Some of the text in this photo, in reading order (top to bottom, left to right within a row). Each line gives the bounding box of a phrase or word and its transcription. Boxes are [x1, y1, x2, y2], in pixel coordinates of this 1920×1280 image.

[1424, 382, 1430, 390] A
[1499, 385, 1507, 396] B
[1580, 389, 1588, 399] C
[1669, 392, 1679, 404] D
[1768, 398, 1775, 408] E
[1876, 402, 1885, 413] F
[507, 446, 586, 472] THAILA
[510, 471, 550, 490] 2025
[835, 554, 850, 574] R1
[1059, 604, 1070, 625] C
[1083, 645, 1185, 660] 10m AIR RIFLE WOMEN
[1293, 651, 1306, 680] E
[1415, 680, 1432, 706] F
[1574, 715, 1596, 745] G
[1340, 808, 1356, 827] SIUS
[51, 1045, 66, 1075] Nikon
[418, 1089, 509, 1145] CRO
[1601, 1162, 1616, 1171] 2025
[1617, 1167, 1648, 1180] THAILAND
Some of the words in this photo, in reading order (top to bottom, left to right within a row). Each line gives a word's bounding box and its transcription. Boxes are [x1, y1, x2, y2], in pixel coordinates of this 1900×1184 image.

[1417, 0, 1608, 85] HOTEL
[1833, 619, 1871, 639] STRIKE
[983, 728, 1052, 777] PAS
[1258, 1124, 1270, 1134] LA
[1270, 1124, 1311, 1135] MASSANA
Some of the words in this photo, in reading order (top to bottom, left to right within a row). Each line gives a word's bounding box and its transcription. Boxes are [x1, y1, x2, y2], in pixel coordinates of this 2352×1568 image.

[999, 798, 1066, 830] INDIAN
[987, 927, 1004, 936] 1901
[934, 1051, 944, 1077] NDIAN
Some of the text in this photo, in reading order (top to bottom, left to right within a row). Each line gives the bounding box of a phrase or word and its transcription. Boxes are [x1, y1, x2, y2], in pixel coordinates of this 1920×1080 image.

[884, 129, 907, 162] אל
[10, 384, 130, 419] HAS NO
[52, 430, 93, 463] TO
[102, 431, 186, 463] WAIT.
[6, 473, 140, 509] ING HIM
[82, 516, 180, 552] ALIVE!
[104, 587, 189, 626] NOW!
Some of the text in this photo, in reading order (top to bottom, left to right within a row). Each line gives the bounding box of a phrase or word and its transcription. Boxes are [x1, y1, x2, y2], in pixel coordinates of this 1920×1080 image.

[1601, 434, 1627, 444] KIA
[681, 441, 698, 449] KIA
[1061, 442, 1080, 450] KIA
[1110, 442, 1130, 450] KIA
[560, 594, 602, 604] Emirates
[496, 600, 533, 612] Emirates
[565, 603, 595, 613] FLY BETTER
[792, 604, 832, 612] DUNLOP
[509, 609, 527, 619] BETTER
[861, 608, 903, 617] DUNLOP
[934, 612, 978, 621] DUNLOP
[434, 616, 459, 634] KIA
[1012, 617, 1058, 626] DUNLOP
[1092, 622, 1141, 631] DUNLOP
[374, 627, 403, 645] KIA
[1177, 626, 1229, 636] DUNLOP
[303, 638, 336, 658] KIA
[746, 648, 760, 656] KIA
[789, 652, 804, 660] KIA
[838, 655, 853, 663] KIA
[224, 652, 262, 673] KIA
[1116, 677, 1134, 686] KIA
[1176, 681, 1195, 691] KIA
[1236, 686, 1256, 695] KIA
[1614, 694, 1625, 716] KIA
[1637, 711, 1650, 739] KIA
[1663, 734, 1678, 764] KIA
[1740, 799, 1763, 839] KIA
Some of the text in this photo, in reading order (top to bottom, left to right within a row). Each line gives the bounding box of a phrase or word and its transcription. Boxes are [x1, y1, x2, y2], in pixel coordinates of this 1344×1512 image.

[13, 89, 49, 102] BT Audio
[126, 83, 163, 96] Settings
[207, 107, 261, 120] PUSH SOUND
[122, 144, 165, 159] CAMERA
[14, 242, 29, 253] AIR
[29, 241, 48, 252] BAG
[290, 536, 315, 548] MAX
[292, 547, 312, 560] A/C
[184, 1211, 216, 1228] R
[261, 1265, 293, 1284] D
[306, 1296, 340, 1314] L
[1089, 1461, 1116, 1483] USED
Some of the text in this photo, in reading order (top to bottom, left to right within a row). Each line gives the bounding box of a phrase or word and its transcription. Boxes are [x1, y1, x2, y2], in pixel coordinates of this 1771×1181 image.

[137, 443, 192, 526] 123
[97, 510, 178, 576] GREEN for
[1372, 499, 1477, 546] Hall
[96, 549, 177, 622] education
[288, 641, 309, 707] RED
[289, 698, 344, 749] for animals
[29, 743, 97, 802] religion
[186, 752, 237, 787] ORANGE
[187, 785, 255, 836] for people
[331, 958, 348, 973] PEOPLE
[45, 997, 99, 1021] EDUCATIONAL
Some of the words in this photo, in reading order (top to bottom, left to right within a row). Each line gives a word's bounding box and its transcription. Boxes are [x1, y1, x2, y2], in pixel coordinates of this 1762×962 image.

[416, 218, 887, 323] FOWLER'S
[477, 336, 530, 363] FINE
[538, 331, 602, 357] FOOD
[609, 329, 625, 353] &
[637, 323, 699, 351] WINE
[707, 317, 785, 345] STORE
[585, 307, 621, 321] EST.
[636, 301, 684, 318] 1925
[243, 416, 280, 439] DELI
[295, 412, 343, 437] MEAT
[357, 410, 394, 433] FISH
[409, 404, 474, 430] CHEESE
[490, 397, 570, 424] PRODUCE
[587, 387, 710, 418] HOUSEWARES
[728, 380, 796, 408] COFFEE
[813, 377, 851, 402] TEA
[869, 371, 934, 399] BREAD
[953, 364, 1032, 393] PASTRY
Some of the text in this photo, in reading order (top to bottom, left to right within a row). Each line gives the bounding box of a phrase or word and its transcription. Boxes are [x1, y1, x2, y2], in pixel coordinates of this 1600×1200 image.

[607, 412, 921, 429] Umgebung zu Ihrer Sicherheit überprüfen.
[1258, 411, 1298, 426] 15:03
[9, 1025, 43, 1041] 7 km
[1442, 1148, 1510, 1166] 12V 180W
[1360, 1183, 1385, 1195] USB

--- Work instruction ---
Return every record above exactly as it appears.

--- Expected answer ---
Some of the text in this photo, in reading order (top to bottom, left to right within a row). Each line gives the bounding box of a phrase or word and its transcription. Boxes are [x1, y1, x2, y2], in pixel coordinates of this 1920×1280 image.

[1424, 382, 1430, 390] A
[1499, 385, 1507, 396] B
[1580, 389, 1588, 399] C
[1669, 392, 1679, 404] D
[1768, 398, 1775, 408] E
[1876, 402, 1885, 413] F
[507, 446, 586, 472] THAILA
[510, 471, 550, 490] 2025
[835, 554, 850, 574] R1
[1059, 604, 1070, 625] C
[1083, 645, 1185, 660] 10m AIR RIFLE WOMEN
[1293, 651, 1306, 680] E
[1415, 680, 1432, 706] F
[1574, 715, 1596, 745] G
[1340, 808, 1356, 827] SIUS
[51, 1045, 66, 1075] Nikon
[418, 1089, 509, 1145] CRO
[1601, 1162, 1616, 1171] 2025
[1617, 1167, 1648, 1180] THAILAND
Some of the words in this photo, in reading order (top to bottom, left to right within a row). Each line gives a word's bounding box and its transcription. Boxes are [x1, y1, x2, y2], in pixel coordinates of this 1900×1184 image.

[1417, 0, 1608, 85] HOTEL
[1833, 619, 1871, 639] STRIKE
[983, 728, 1052, 777] PAS
[1258, 1124, 1270, 1134] LA
[1270, 1124, 1311, 1135] MASSANA
Some of the words in this photo, in reading order (top to bottom, left to right within a row). Each line gives a word's bounding box and its transcription. Boxes are [x1, y1, x2, y2], in pixel coordinates of this 2352×1568 image.

[999, 798, 1066, 830] INDIAN
[987, 927, 1004, 936] 1901
[934, 1051, 944, 1077] NDIAN
Some of the text in this photo, in reading order (top to bottom, left to right within a row). Each line gives the bounding box of a phrase or word and its transcription. Boxes are [x1, y1, x2, y2], in pixel coordinates of this 1920×1080 image.

[884, 129, 907, 162] אל
[10, 384, 130, 419] HAS NO
[52, 430, 93, 463] TO
[102, 431, 186, 463] WAIT.
[6, 473, 140, 509] ING HIM
[82, 516, 180, 552] ALIVE!
[104, 587, 189, 626] NOW!
Some of the text in this photo, in reading order (top to bottom, left to right within a row). Each line gives the bounding box of a phrase or word and its transcription. Boxes are [x1, y1, x2, y2], in pixel coordinates of this 1920×1080 image.

[1601, 434, 1627, 444] KIA
[681, 441, 698, 449] KIA
[1061, 442, 1080, 450] KIA
[1110, 442, 1130, 450] KIA
[560, 594, 602, 604] Emirates
[496, 600, 533, 612] Emirates
[565, 603, 595, 613] FLY BETTER
[792, 604, 832, 612] DUNLOP
[509, 609, 527, 619] BETTER
[861, 608, 903, 617] DUNLOP
[934, 612, 978, 621] DUNLOP
[434, 616, 459, 634] KIA
[1012, 617, 1058, 626] DUNLOP
[1092, 622, 1141, 631] DUNLOP
[374, 627, 403, 645] KIA
[1177, 626, 1229, 636] DUNLOP
[303, 638, 336, 658] KIA
[746, 648, 760, 656] KIA
[789, 652, 804, 660] KIA
[838, 655, 853, 663] KIA
[224, 652, 262, 673] KIA
[1116, 677, 1134, 686] KIA
[1176, 681, 1195, 691] KIA
[1236, 686, 1256, 695] KIA
[1614, 694, 1625, 716] KIA
[1637, 711, 1650, 739] KIA
[1663, 734, 1678, 764] KIA
[1740, 799, 1763, 839] KIA
Some of the text in this photo, in reading order (top to bottom, left to right within a row). Each line gives the bounding box of a phrase or word and its transcription. Boxes are [x1, y1, x2, y2], in pixel coordinates of this 1344×1512 image.

[13, 89, 49, 102] BT Audio
[126, 83, 163, 96] Settings
[207, 107, 261, 120] PUSH SOUND
[122, 144, 165, 159] CAMERA
[14, 242, 29, 253] AIR
[29, 241, 48, 252] BAG
[290, 536, 315, 548] MAX
[292, 547, 312, 560] A/C
[184, 1211, 216, 1228] R
[261, 1265, 293, 1284] D
[306, 1296, 340, 1314] L
[1089, 1461, 1116, 1483] USED
Some of the text in this photo, in reading order (top to bottom, left to right within a row). Each line gives the bounding box of a phrase or word and its transcription. Boxes are [x1, y1, x2, y2], in pixel coordinates of this 1771×1181 image.

[137, 443, 192, 526] 123
[97, 510, 178, 576] GREEN for
[1372, 499, 1477, 546] Hall
[96, 549, 177, 622] education
[288, 641, 309, 707] RED
[289, 698, 344, 749] for animals
[29, 743, 97, 802] religion
[186, 752, 237, 787] ORANGE
[187, 785, 255, 836] for people
[331, 958, 348, 973] PEOPLE
[45, 997, 99, 1021] EDUCATIONAL
Some of the words in this photo, in reading order (top to bottom, left to right within a row). Each line gives a word's bounding box and its transcription. Boxes are [x1, y1, x2, y2], in pixel coordinates of this 1762×962 image.

[416, 218, 887, 323] FOWLER'S
[477, 336, 530, 363] FINE
[538, 331, 602, 357] FOOD
[609, 329, 625, 353] &
[637, 323, 699, 351] WINE
[707, 317, 785, 345] STORE
[585, 307, 621, 321] EST.
[636, 301, 684, 318] 1925
[243, 416, 280, 439] DELI
[295, 412, 343, 437] MEAT
[357, 410, 394, 433] FISH
[409, 404, 474, 430] CHEESE
[490, 397, 570, 424] PRODUCE
[587, 387, 710, 418] HOUSEWARES
[728, 380, 796, 408] COFFEE
[813, 377, 851, 402] TEA
[869, 371, 934, 399] BREAD
[953, 364, 1032, 393] PASTRY
Some of the text in this photo, in reading order (top to bottom, left to right within a row). Each line gives the bounding box of a phrase or word and its transcription. Boxes are [x1, y1, x2, y2], in pixel coordinates of this 1600×1200 image.

[607, 412, 921, 429] Umgebung zu Ihrer Sicherheit überprüfen.
[1258, 411, 1298, 426] 15:03
[9, 1025, 43, 1041] 7 km
[1442, 1148, 1510, 1166] 12V 180W
[1360, 1183, 1385, 1195] USB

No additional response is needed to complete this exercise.